**WHAT TO WORK ON**. Output every entry exactly as written, skipping any pictures.

EXTRACTED DATA: Begin

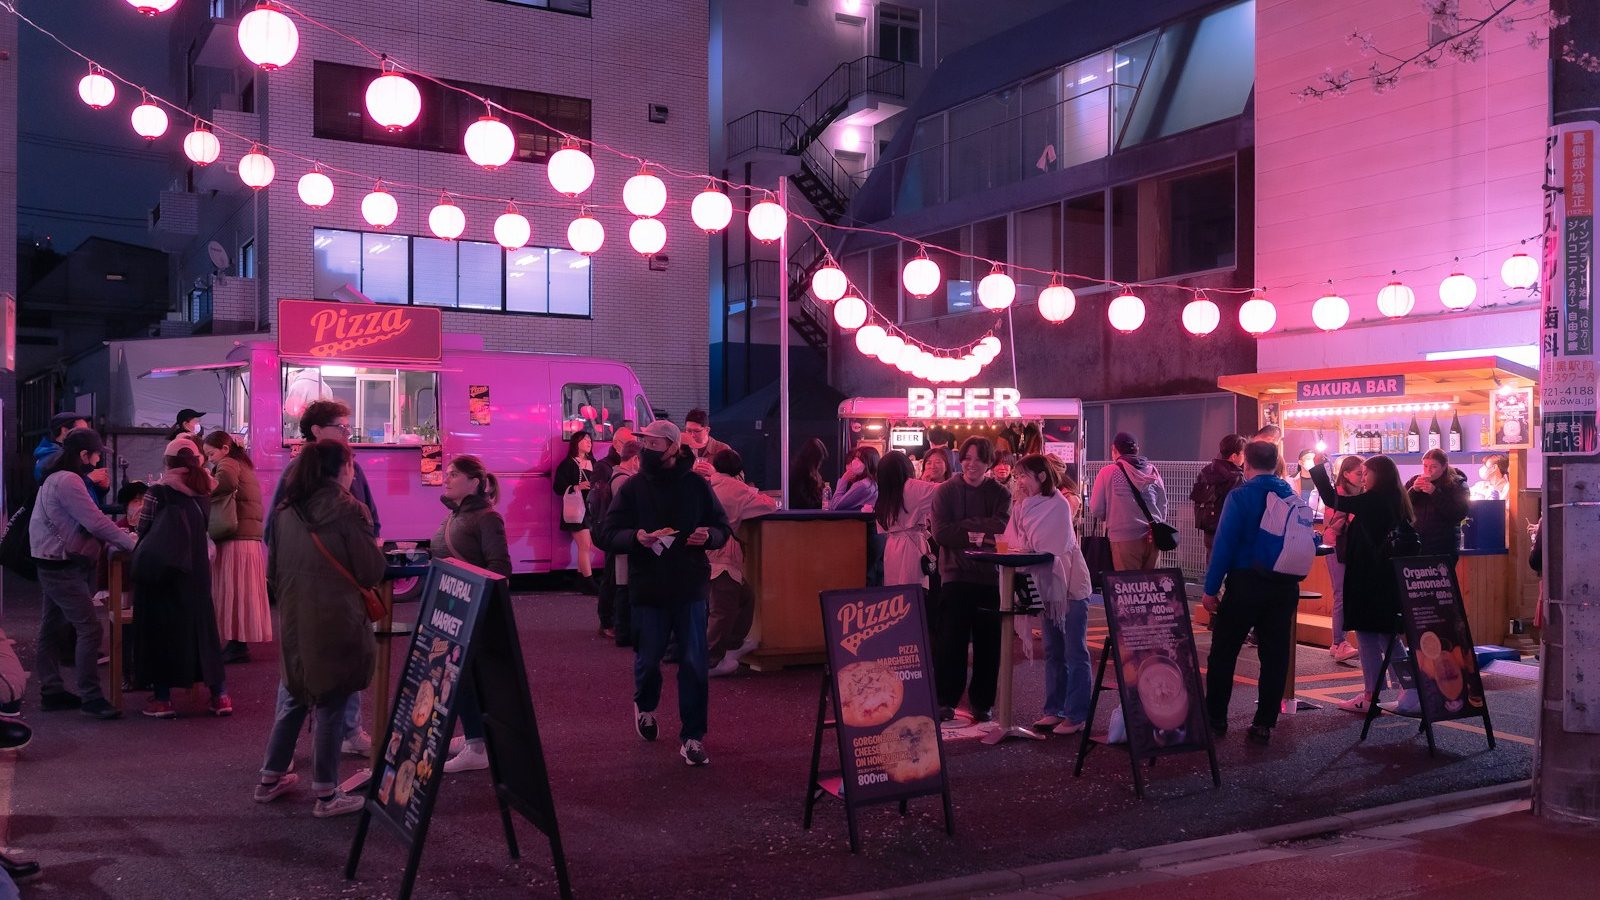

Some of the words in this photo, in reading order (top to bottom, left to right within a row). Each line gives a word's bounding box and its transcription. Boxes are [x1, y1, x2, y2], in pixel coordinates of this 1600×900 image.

[309, 308, 410, 343] Pizza
[1302, 381, 1361, 398] SAKURA
[1366, 379, 1397, 393] BAR
[908, 387, 1022, 418] BEER
[896, 434, 919, 442] BEER
[1545, 435, 1582, 447] 1-13
[1403, 566, 1438, 579] Organic
[438, 573, 472, 602] NATURAL
[1115, 582, 1157, 594] SAKURA
[1118, 593, 1167, 604] AMAZAKE
[837, 594, 911, 635] Pizza
[430, 608, 464, 637] MARKET
[898, 644, 919, 655] PIZZA
[855, 757, 867, 768] ON
[857, 773, 889, 786] 800YEN

EXTRACTED DATA: End

**THE COMPLETED TASK**.
Some of the words in this photo, in reading order (top to bottom, left to right within a row). Each line gives a word's bounding box and its transcription. Boxes are [x1, y1, x2, y2], in pixel coordinates of this 1600×900 image.

[309, 308, 410, 343] Pizza
[1302, 381, 1361, 398] SAKURA
[1366, 379, 1397, 393] BAR
[908, 387, 1022, 418] BEER
[896, 434, 919, 442] BEER
[1545, 435, 1582, 447] 1-13
[1403, 566, 1438, 579] Organic
[438, 573, 472, 602] NATURAL
[1115, 582, 1157, 594] SAKURA
[1118, 593, 1167, 604] AMAZAKE
[837, 594, 911, 635] Pizza
[430, 608, 464, 637] MARKET
[898, 644, 919, 655] PIZZA
[855, 757, 867, 768] ON
[857, 773, 889, 786] 800YEN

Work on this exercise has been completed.